American stage director

Tea Alagic (sometimes written Tea Alagić; born 1972) is a Bosnian-American stage director and creator of devised theater. Her productions include the premiere of The Brothers Size by Tarell Alvin McCraney, the U.S premieres of plays by Austrian playwright and Nobel Laureate Elfriede Jelinek, the revival of Passing Strange by Stew and Heidi Rodewald, and the Off-Broadway play Fear at the Lucille Lortel Theatre.

==Biography==

===Early life===
Alagic was born in Mostar, Bosnia and Herzegovina, in 1972. She made her acting debut at age 14 at the Mostar Youth Theatre, where she performed until she left the city in 1992 because of the Bosnian War.

For the next five years, Alagic lived in Munich, Germany and Prague, Czech Republic. She attended Charles University Academy of Performing Arts in Prague and obtained her BFA in Acting in 1997.

===Acting career===
After graduating, she began a career as an actor and a creator of devised work, working across Europe and North America. During this time, she worked with experimental artists theatre directors Ariane Mnouchkine, Simon McBurney, Robert Lepage, and Richard Foreman.

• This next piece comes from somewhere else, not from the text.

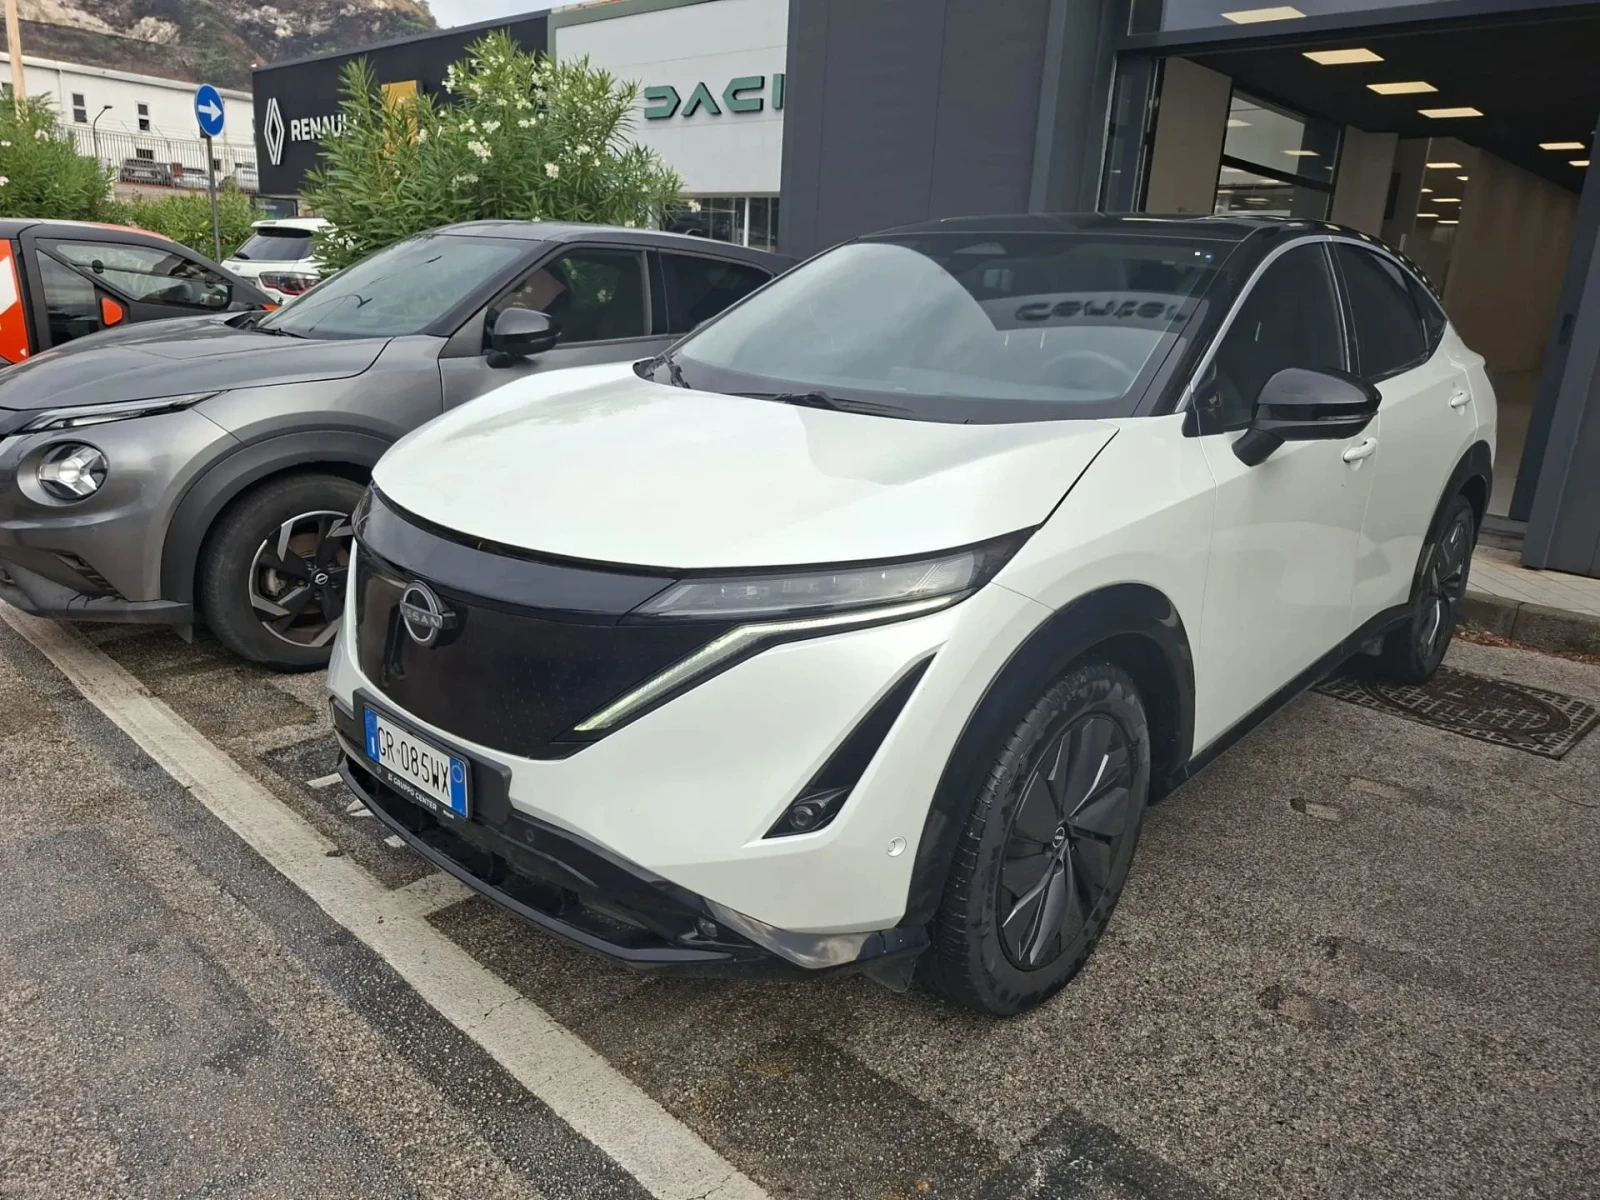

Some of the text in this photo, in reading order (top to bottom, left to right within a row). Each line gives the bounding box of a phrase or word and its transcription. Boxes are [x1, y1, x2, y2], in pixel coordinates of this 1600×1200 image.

[401, 604, 440, 627] SSAN
[393, 777, 438, 812] GRUPPO CENTER

From 1998 to 2001, Alagic worked as a co-creator and performer in Ex-Machina's Geometry of Miracles, directed by Robert Lepage, a performance piece based on the life and work of designer Frank Lloyd Wright. Alagic performed in the full world tour. Alagic moved in 2003 to New York City, where she performed in Richard Foreman's Panic (How to Be Happy) with the Ontological-Hysteric Theater.

===Directing career===
In New York City, Alagic also worked as a director and deviser, creating ensemble and solo shows, including The Filament Cycle, One Day in Moscow, and Men Have Called Me Mad. She collaborated with Daniel Alexander Jones on his play Book of Daniel in Austin, Texas.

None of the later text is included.